# [Activity]
Repeat the data in full and exactly. Leave the pictures out.
Top of Extracted records
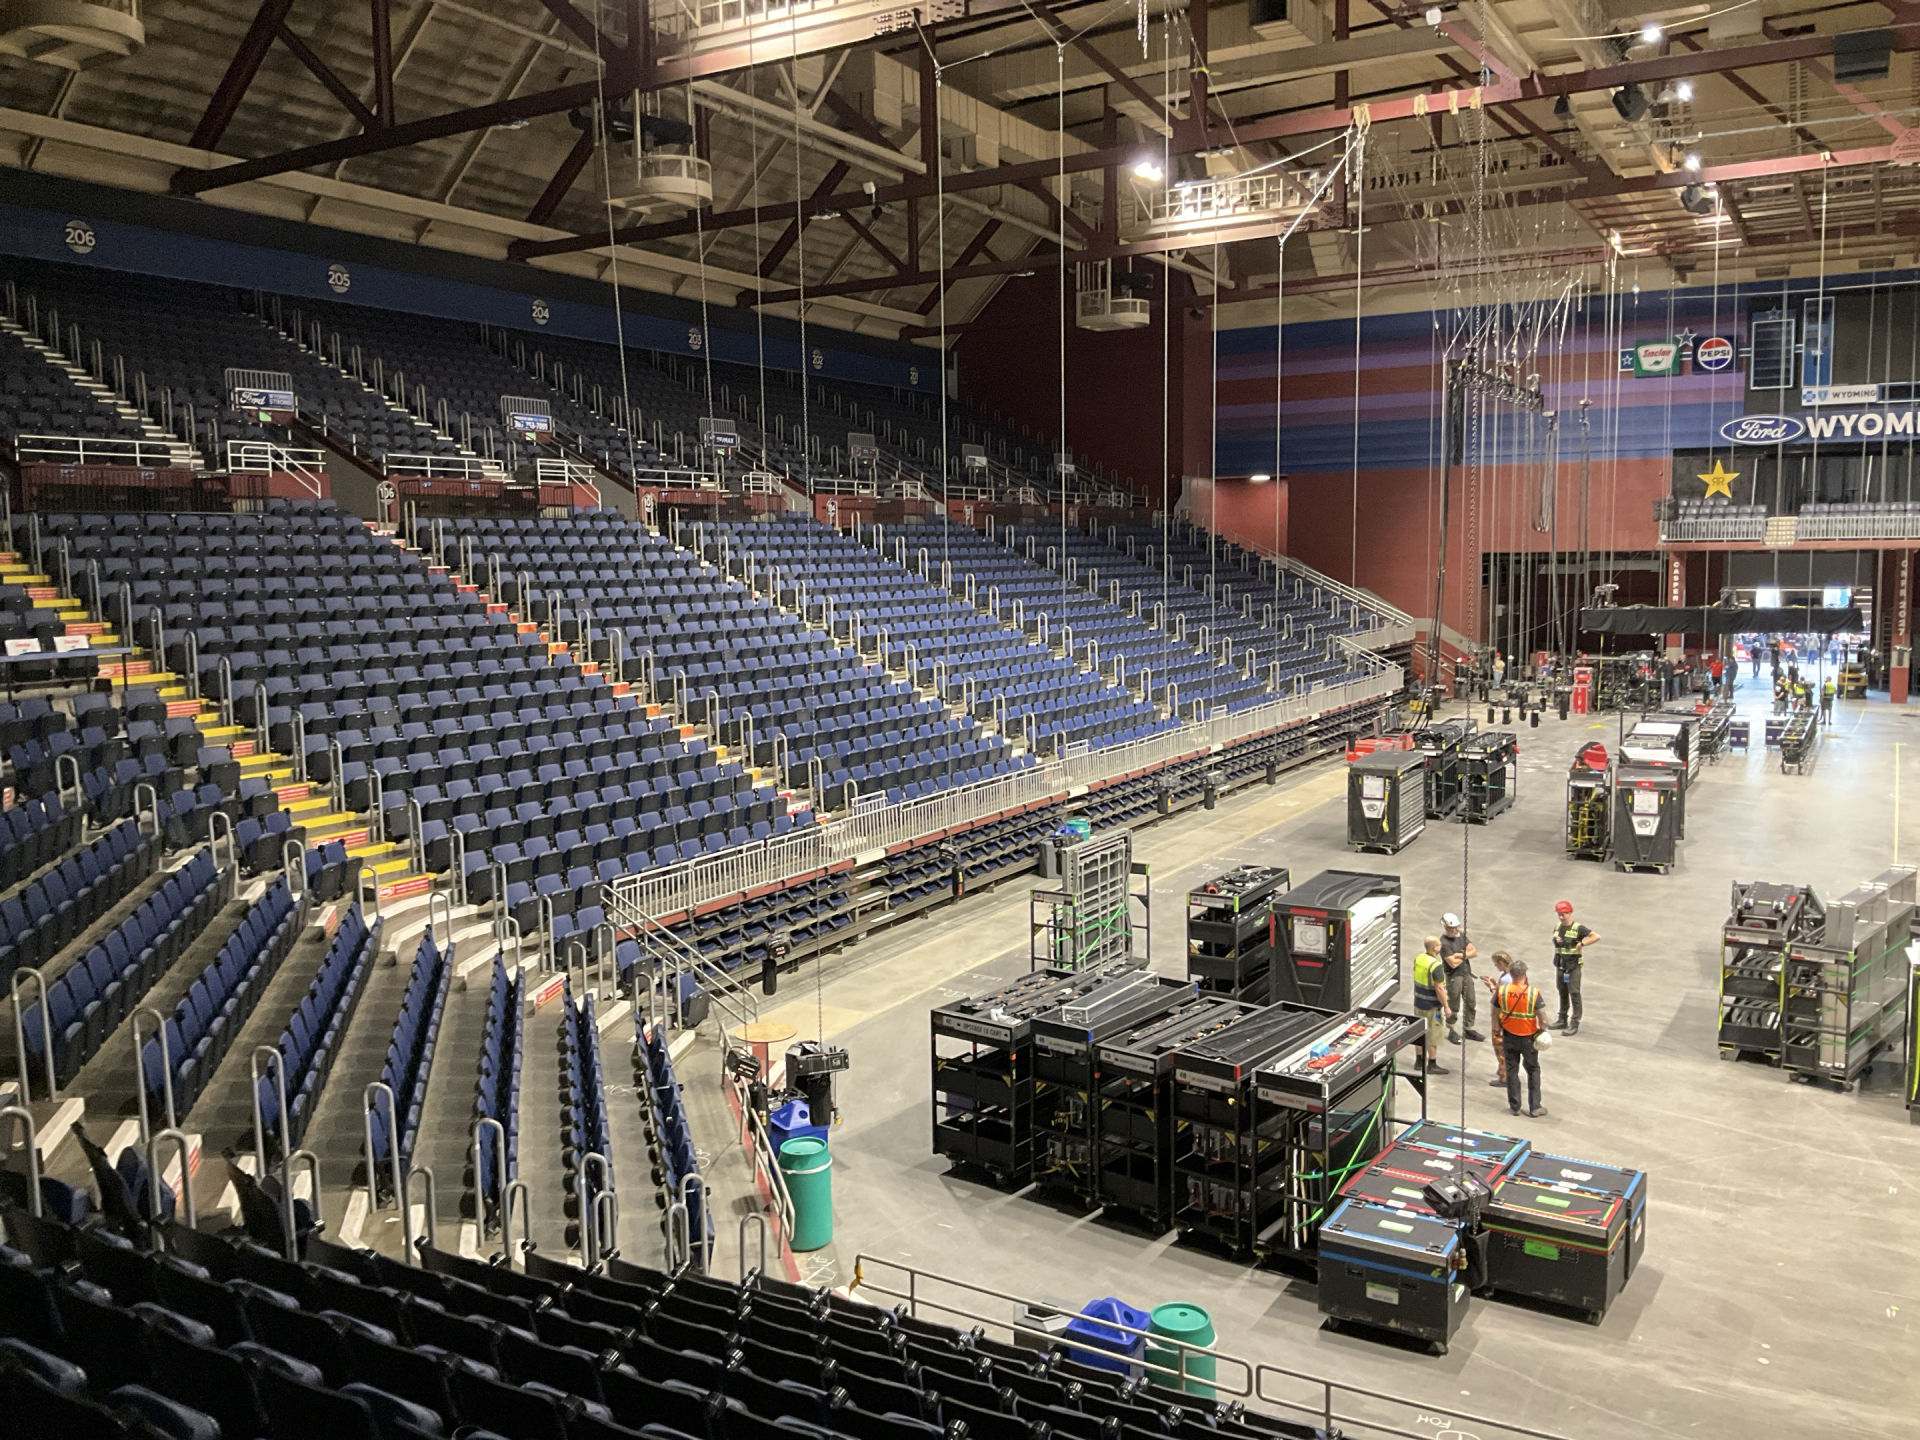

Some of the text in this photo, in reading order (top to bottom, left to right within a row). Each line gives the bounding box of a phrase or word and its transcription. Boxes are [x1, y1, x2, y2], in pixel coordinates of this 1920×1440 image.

[65, 229, 96, 247] 206
[328, 271, 351, 287] 205
[531, 304, 550, 320] 204
[688, 333, 702, 346] 203
[812, 354, 823, 365] 202
[1643, 348, 1672, 358] Sinclair
[1700, 350, 1730, 358] PEPSI
[240, 392, 266, 405] Ford
[1832, 390, 1877, 399] WYOMING
[1736, 420, 1787, 440] Ford
[379, 487, 395, 499] 106
[1672, 561, 1681, 601] CASPER
[1898, 601, 1906, 636] 2027
[1508, 991, 1528, 999] TAT
[963, 1022, 983, 1033] UPSTAGE
[990, 1028, 1003, 1037] CART
[1179, 1072, 1187, 1080] 4B
[1261, 1090, 1269, 1098] 4A
[1416, 1414, 1452, 1429] FOH
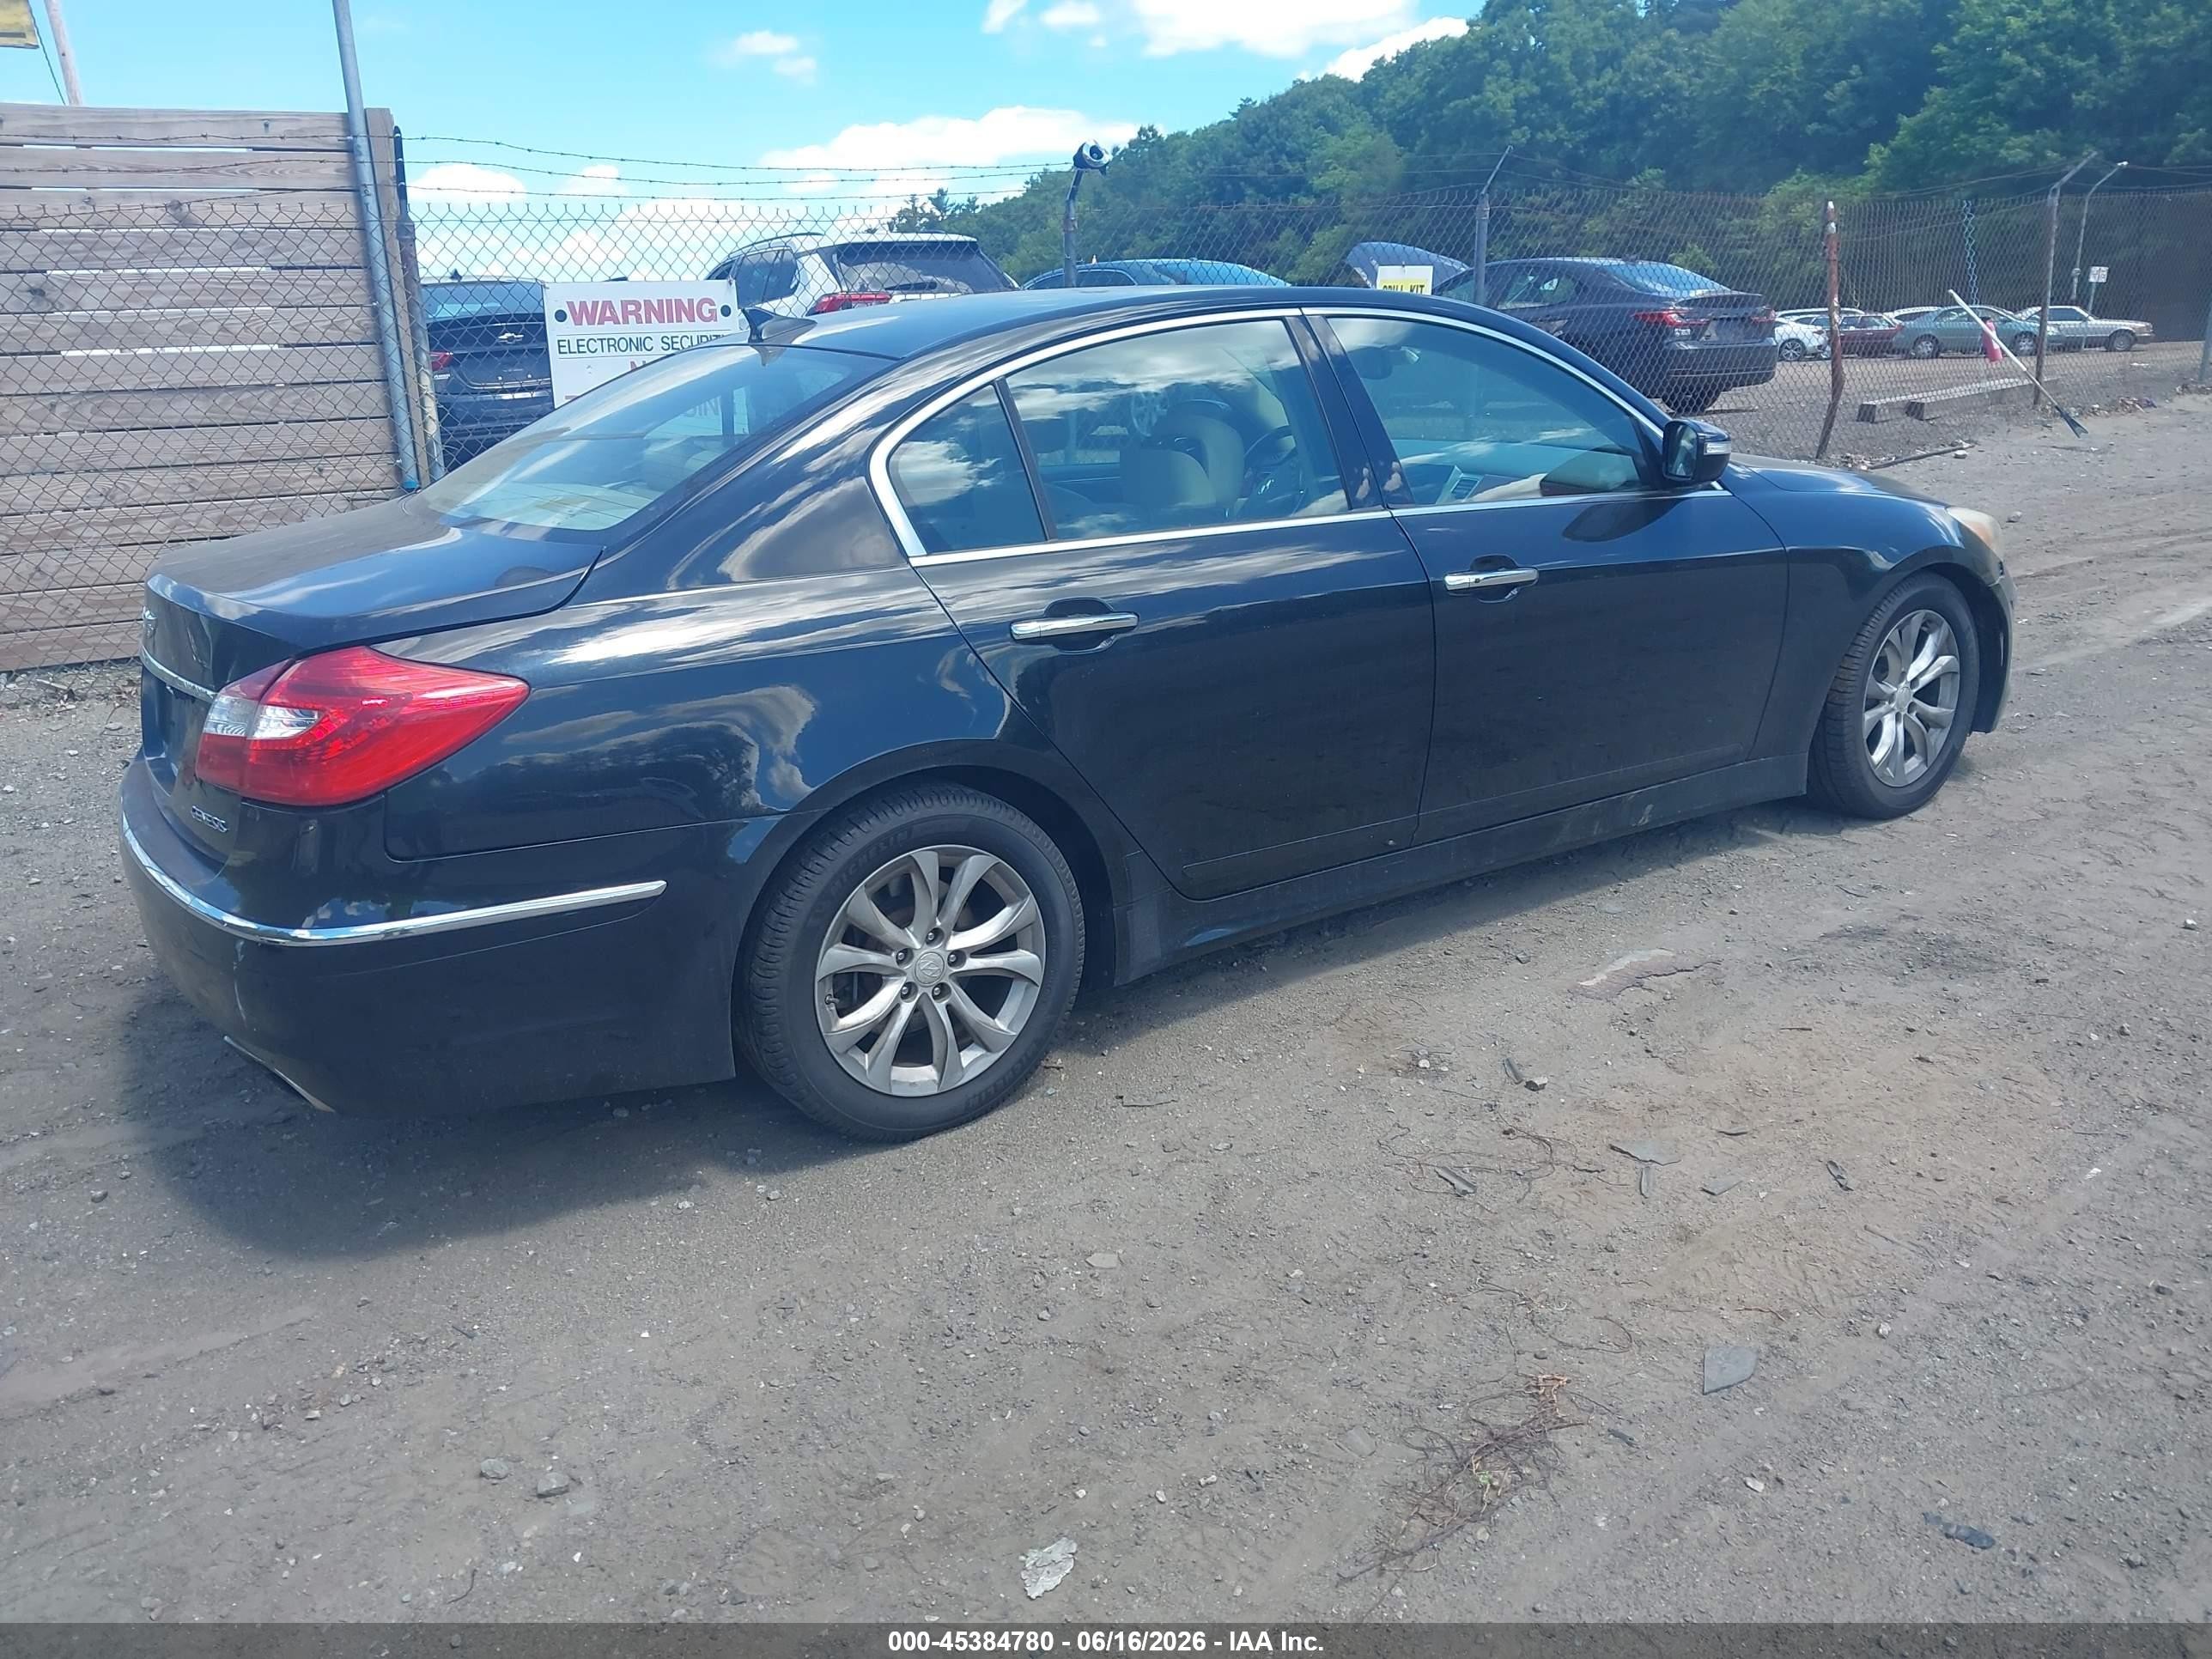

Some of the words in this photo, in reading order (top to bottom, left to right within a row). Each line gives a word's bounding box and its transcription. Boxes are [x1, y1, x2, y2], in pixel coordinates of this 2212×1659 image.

[1409, 284, 1425, 295] KIT
[566, 297, 718, 326] WARNING
[556, 336, 653, 355] ELECTRONIC
[660, 334, 725, 351] SECUR
Bottom of Extracted records
# [Solution for this problem]
Some of the text in this photo, in reading order (top to bottom, left to right within a row). Each line gives the bounding box of a phrase or word and its transcription. Boxes are [x1, y1, x2, y2], in pixel coordinates of this 1920×1440 image.

[65, 229, 96, 247] 206
[328, 271, 351, 287] 205
[531, 304, 550, 320] 204
[688, 333, 702, 346] 203
[812, 354, 823, 365] 202
[1643, 348, 1672, 358] Sinclair
[1700, 350, 1730, 358] PEPSI
[240, 392, 266, 405] Ford
[1832, 390, 1877, 399] WYOMING
[1736, 420, 1787, 440] Ford
[379, 487, 395, 499] 106
[1672, 561, 1681, 601] CASPER
[1898, 601, 1906, 636] 2027
[1508, 991, 1528, 999] TAT
[963, 1022, 983, 1033] UPSTAGE
[990, 1028, 1003, 1037] CART
[1179, 1072, 1187, 1080] 4B
[1261, 1090, 1269, 1098] 4A
[1416, 1414, 1452, 1429] FOH

Some of the words in this photo, in reading order (top to bottom, left to right within a row). Each line gives a word's bounding box and its transcription. Boxes are [x1, y1, x2, y2], in pixel coordinates of this 2212×1659 image.

[1409, 284, 1425, 295] KIT
[566, 297, 718, 326] WARNING
[556, 336, 653, 355] ELECTRONIC
[660, 334, 725, 351] SECUR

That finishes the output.